In this situation, we are of the opinion that because there is no open market as such for helium-bearing gas in Arizona, “market price” may be established by “market value”, that is, sales in the area. Under the facts in this case, the result is the same. Lessees have been receiving from Kerr-McGee since November 5, 1968, 95% of $1.76 per MCF for their helium-bearing gas. If the price is to be established by actual sales transaction, this establishes “market price”. Likewise, evidence of comparative sales shows that the only other seller of helium-bearing gas in Arizona is receiving $1.76 per MCF, thus establishing “market value.”

*352The mere fact that the “market price” or “market value” of helium-bearing gas was established by litigation does not, in our opinion, detract from the fact that these prices or values are now the going rate in Arizona. In fact, at least initially, since there is only one buyer, litigation would seem to be the only manner in which an arm’s length price could be ascertained. Again, Eastern Petroleum Co. v. Kerr-McGee Corporation, supra, correctly points out:

“The judicial determination of market value in the Arizona litigation was necessary because Kerr-McGee, as an operator under Arizona leases, was not selling gas to a third party refiner under free market conditions or as the result of arm’s length bargaining. Only on the assumption that an independent refiner would pay a price of $1.76 per Mcf could that amount be considered the ‘market value’ for purposes of computing the State’s royalty. In essence, the judgment in that litigation was a determination that a different operator would have obtained a price of $1.76 from Kerr-McGee as an independent refiner.” 447 F.2d at 572-73.

The appellant does not disagree that it is presently receiving 95% of $1.76 per MCF for its helium gas.

We therefore hold that as a matter of undisputed material fact, the “market price” of the helium-bearing gas in Arizona was that established by the State of Arizona-Kerr-McGee litigation and by lessees’ .judgment against Kerr-McGee. In accordance with the terms of lessees’ leases, Santa Fe is entitled to one-fourth thereof as royalty.
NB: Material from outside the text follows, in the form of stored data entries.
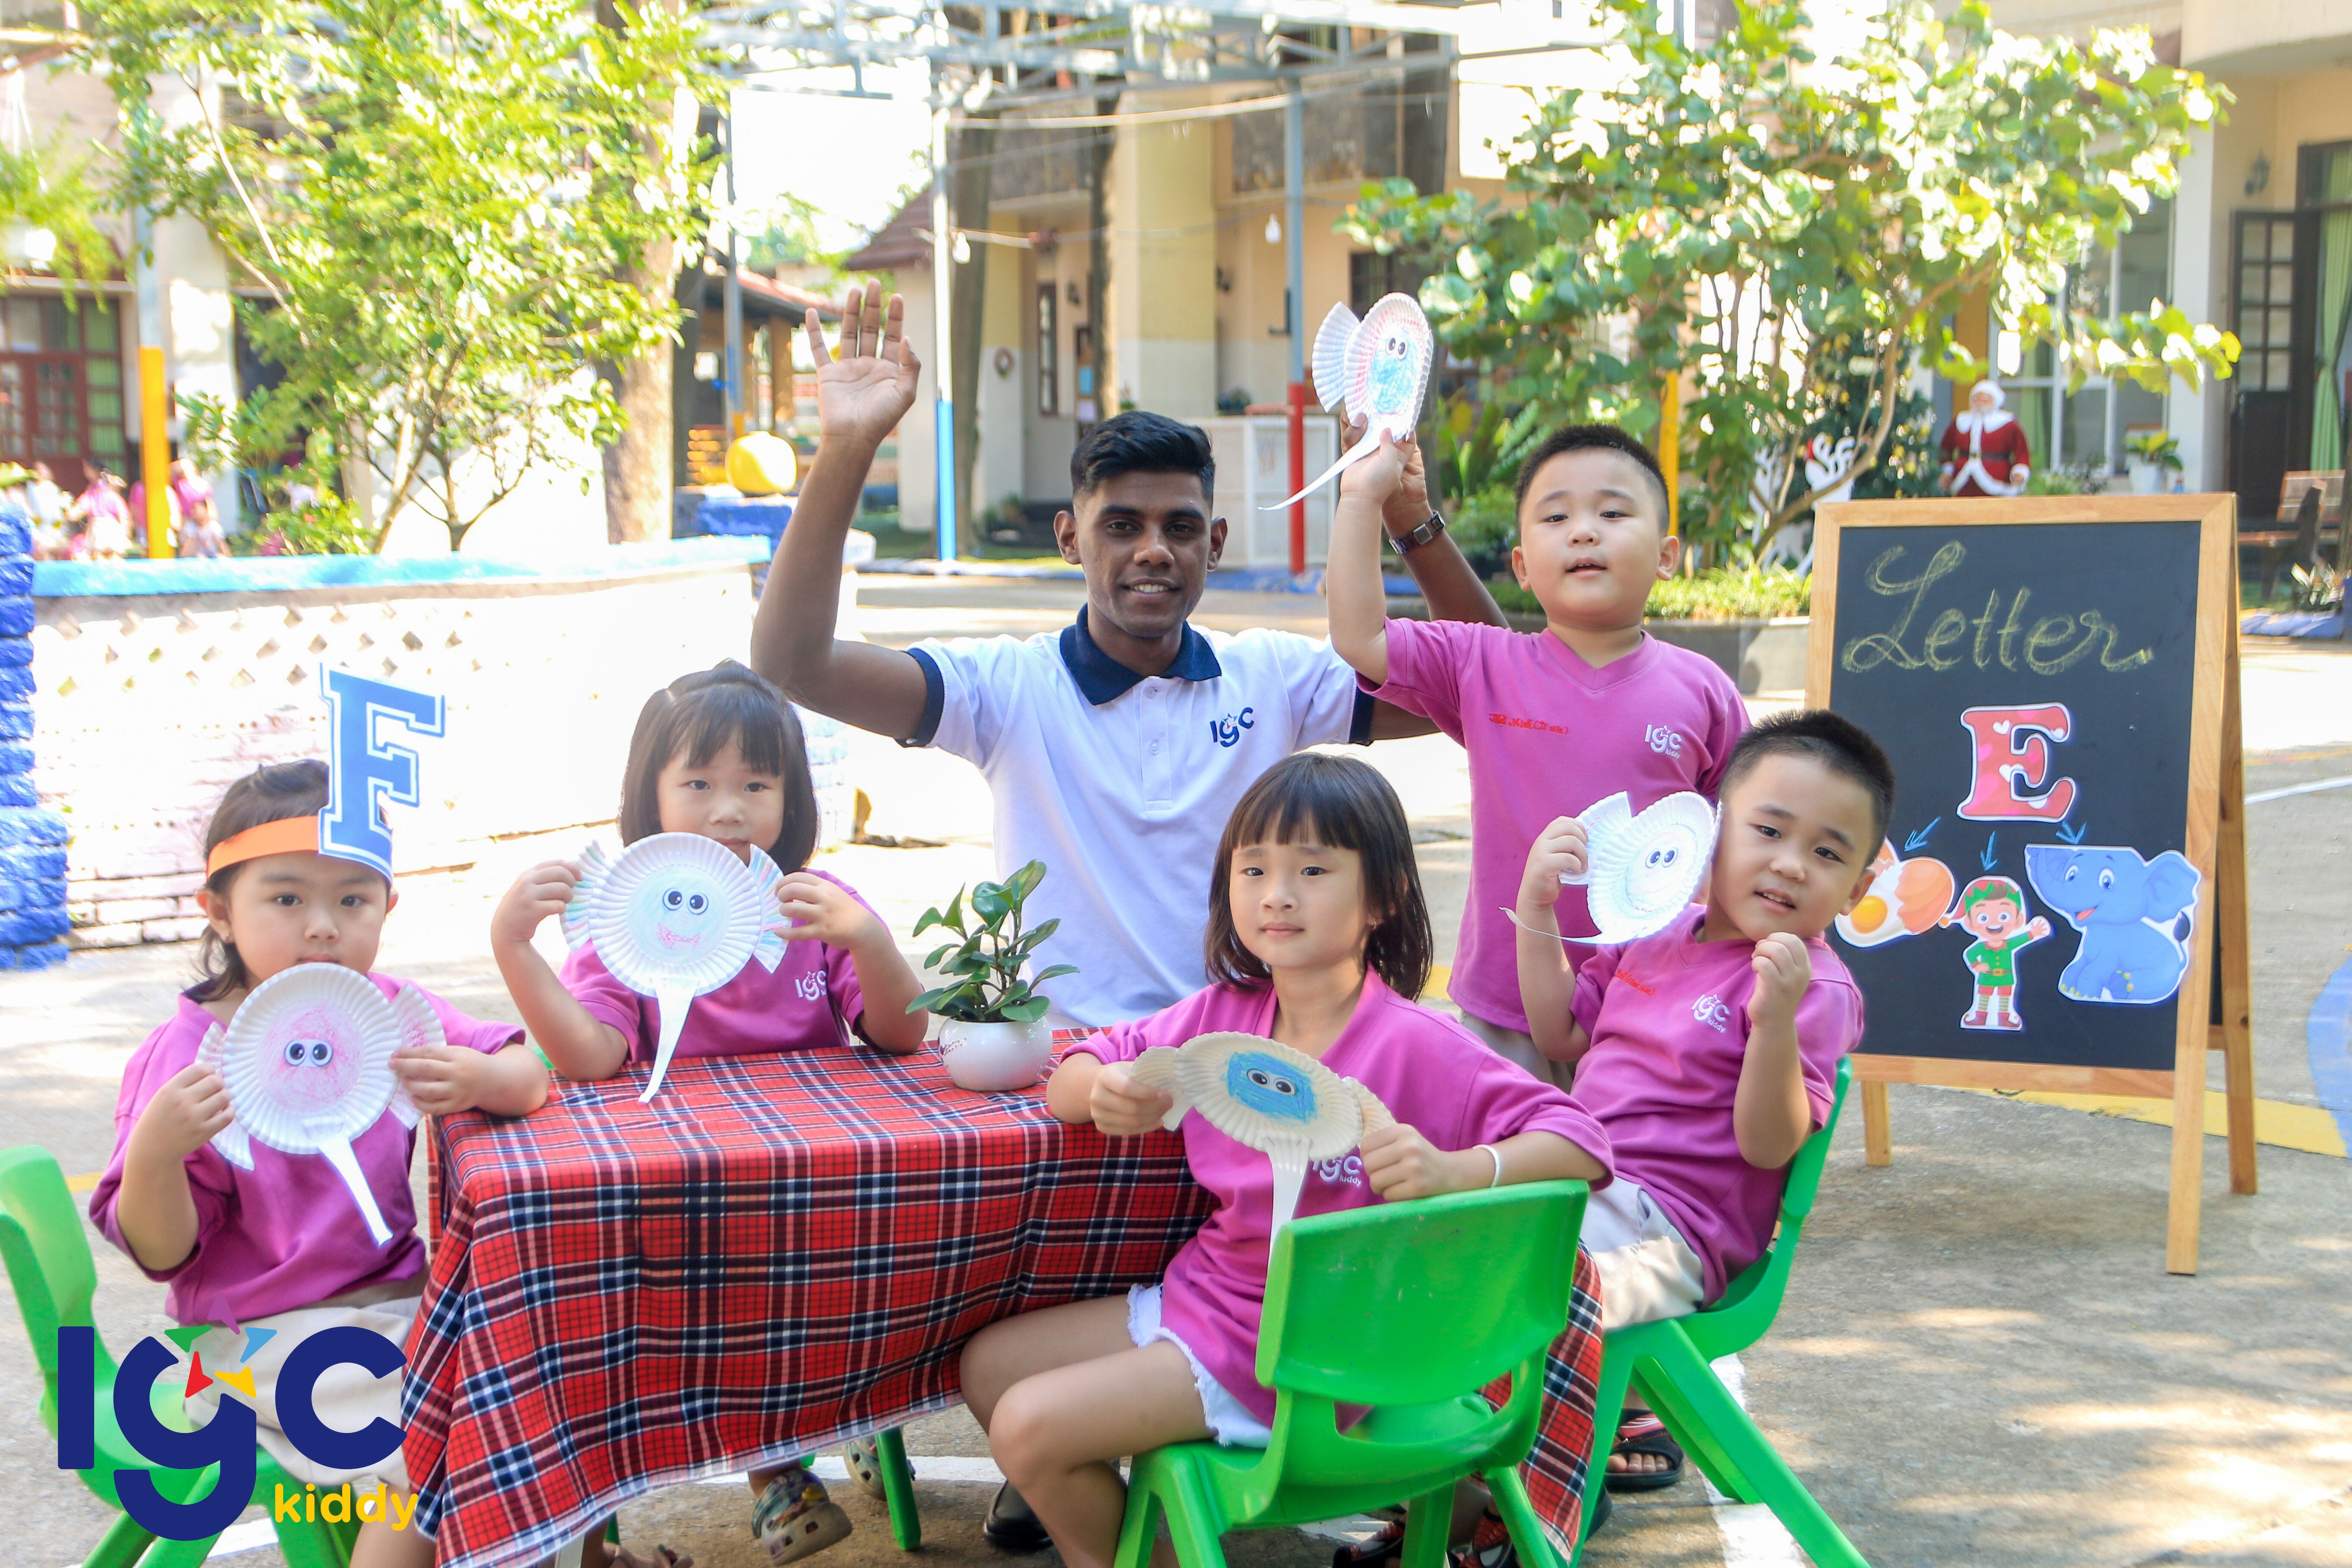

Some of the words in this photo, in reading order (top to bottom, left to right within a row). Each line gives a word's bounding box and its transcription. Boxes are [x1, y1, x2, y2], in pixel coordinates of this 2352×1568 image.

[1841, 539, 2154, 675] Letter
[318, 662, 445, 885] F
[1665, 748, 1680, 759] kiddy
[1956, 702, 2076, 822] E
[1707, 1018, 1726, 1033] kiddy
[1339, 1175, 1362, 1187] kiddy
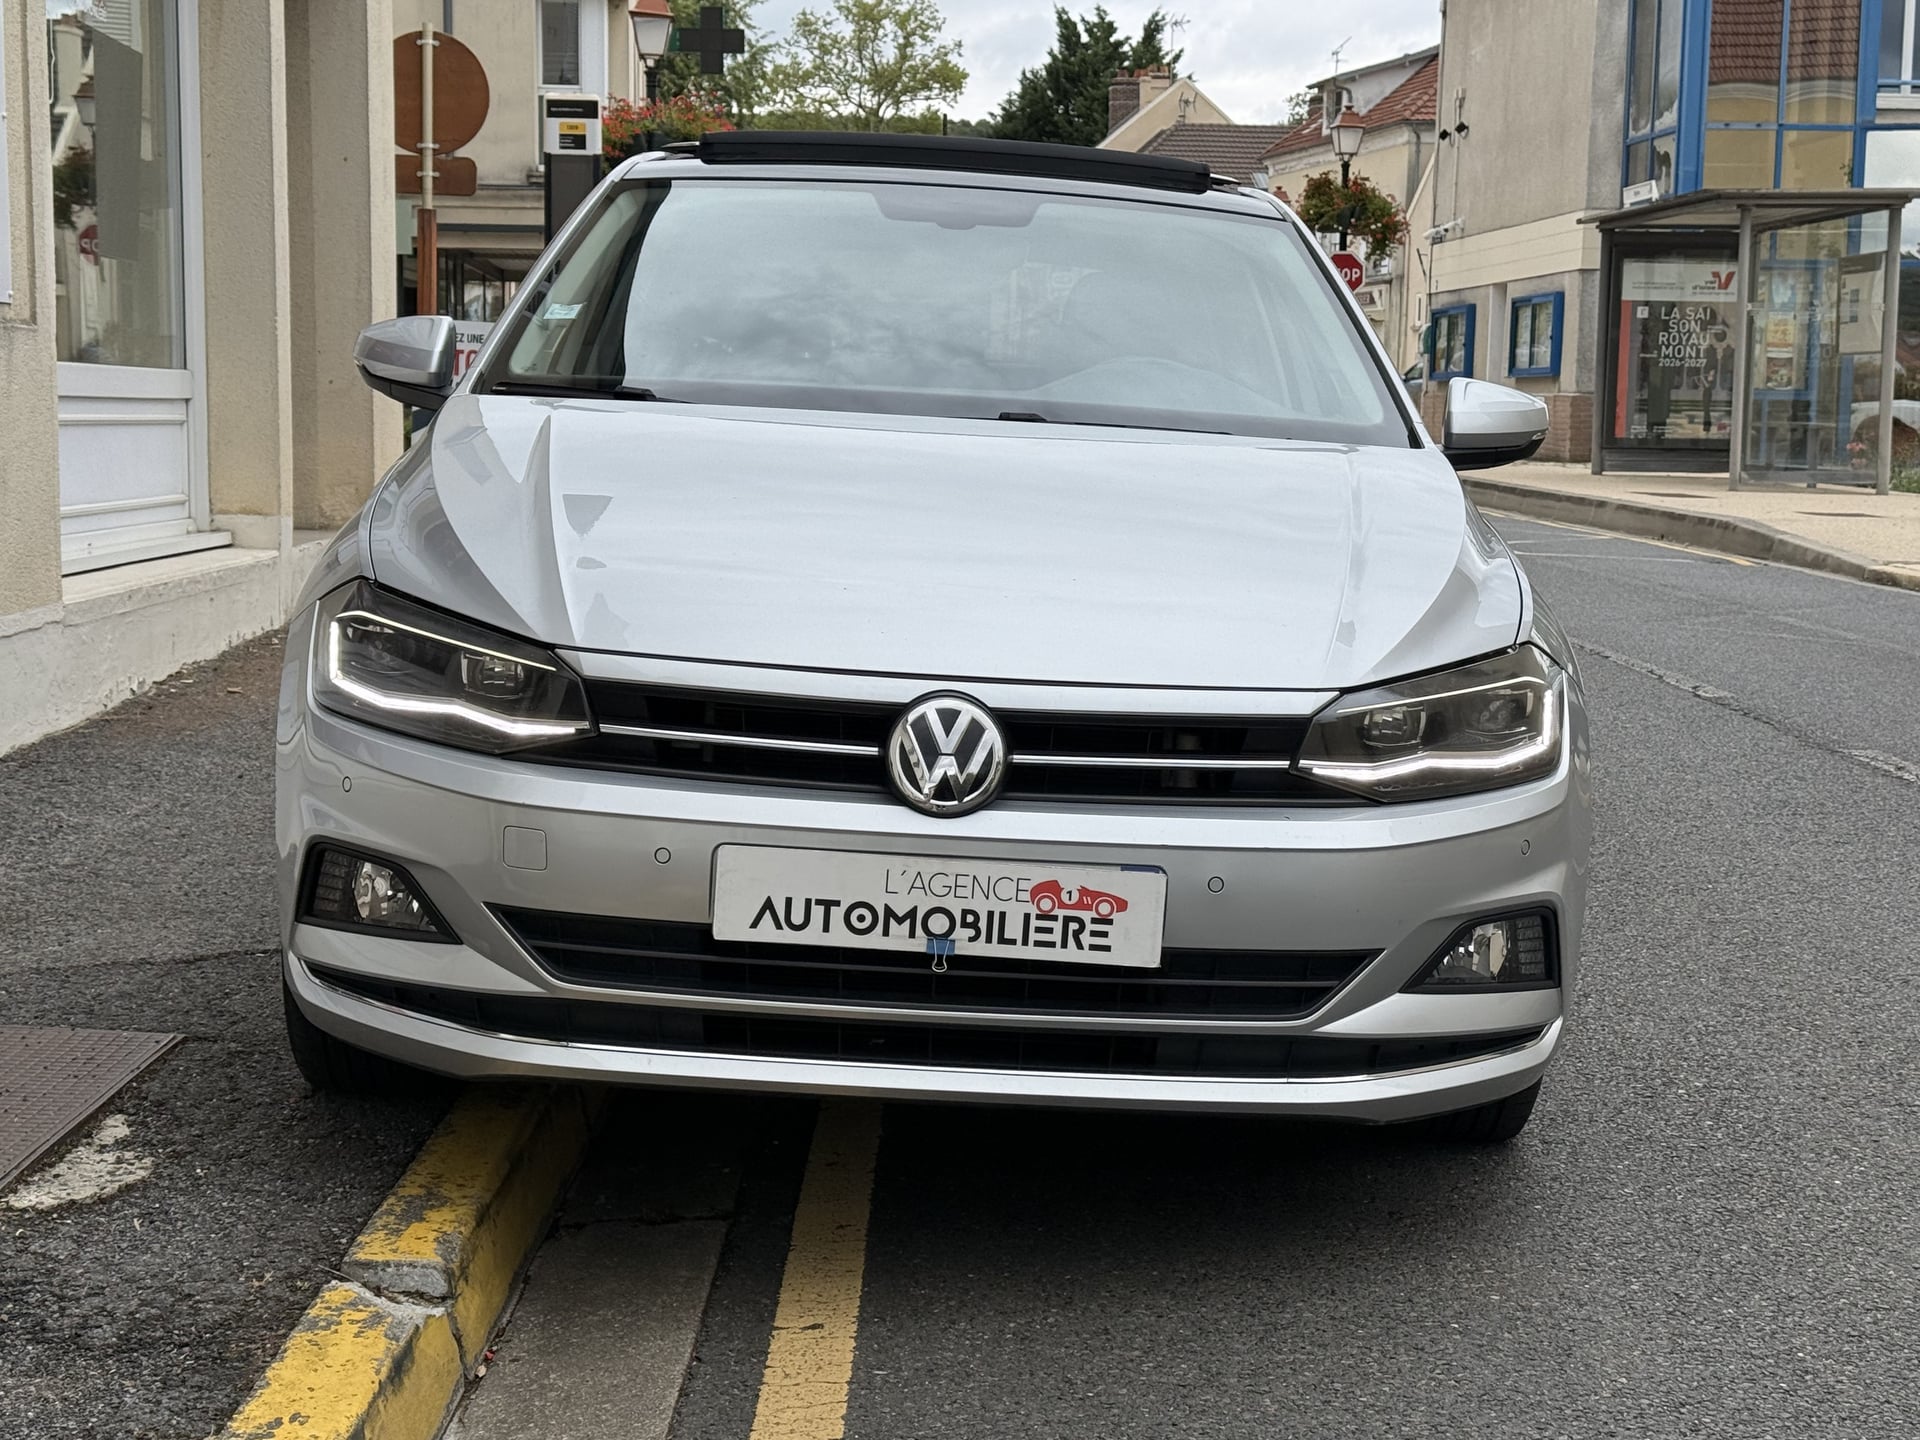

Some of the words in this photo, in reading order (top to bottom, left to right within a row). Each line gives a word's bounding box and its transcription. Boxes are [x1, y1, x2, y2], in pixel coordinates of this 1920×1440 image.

Lessees next contend that Santa Fe should be required to pay its royalty share, 25%, of the costs and expenses of the federal litigation against Kerr-McGee. Lessees cite no pertinent authority for this proposition. We have likewise found none. Lessees’ leases require them to pay 25% of the “market price” of the amount of gas sold. The leases do not, nor does the definition of market price adopted in this opinion, take into consideration that market price includes the cost of collection from the buyer. Lessees having no contractual right to such a set off, the court will not gratuitously give them such a right.

Finally, lessees argue that they should only be charged with interest from the date that they actually received payment from Kerr-McGee, rather than the date Kerr-McGee was actually required to pay them interest, November 5, 1968. Lessees successfully argued before the federal courts that Kerr-McGee withheld payment under their contracts and that they should be compensated for the use of their money from the date that they were entitled to receive it. We find lessees’ argument in federal court persuasive here. The market price for helium-bearing gas in Arizona was established on November 5, 1968. Under the terms of Santa Fe’s lease, lessees have withheld payment of that market price since that date and Santa Fe should be compensated for the use of money from the date they were first entitled to receive it.

For the foregoing reasons, the judgment of the trial court is affirmed.

HAIRE, C. J„ Division 1, and EU-BANK, J., concur.

. The “another” referred to is actually Eastern Petroleum Corporation, one of the plaintiffs in the federal court litigation, along with lessees. Eastern Petroleum is also a lessee of Santa Fe and has paid to Santa Fe one-fourth of the amount collected from Kerr-McGee in that litigation. Eastern Petroleum’s judgment was in the sum of $742,494.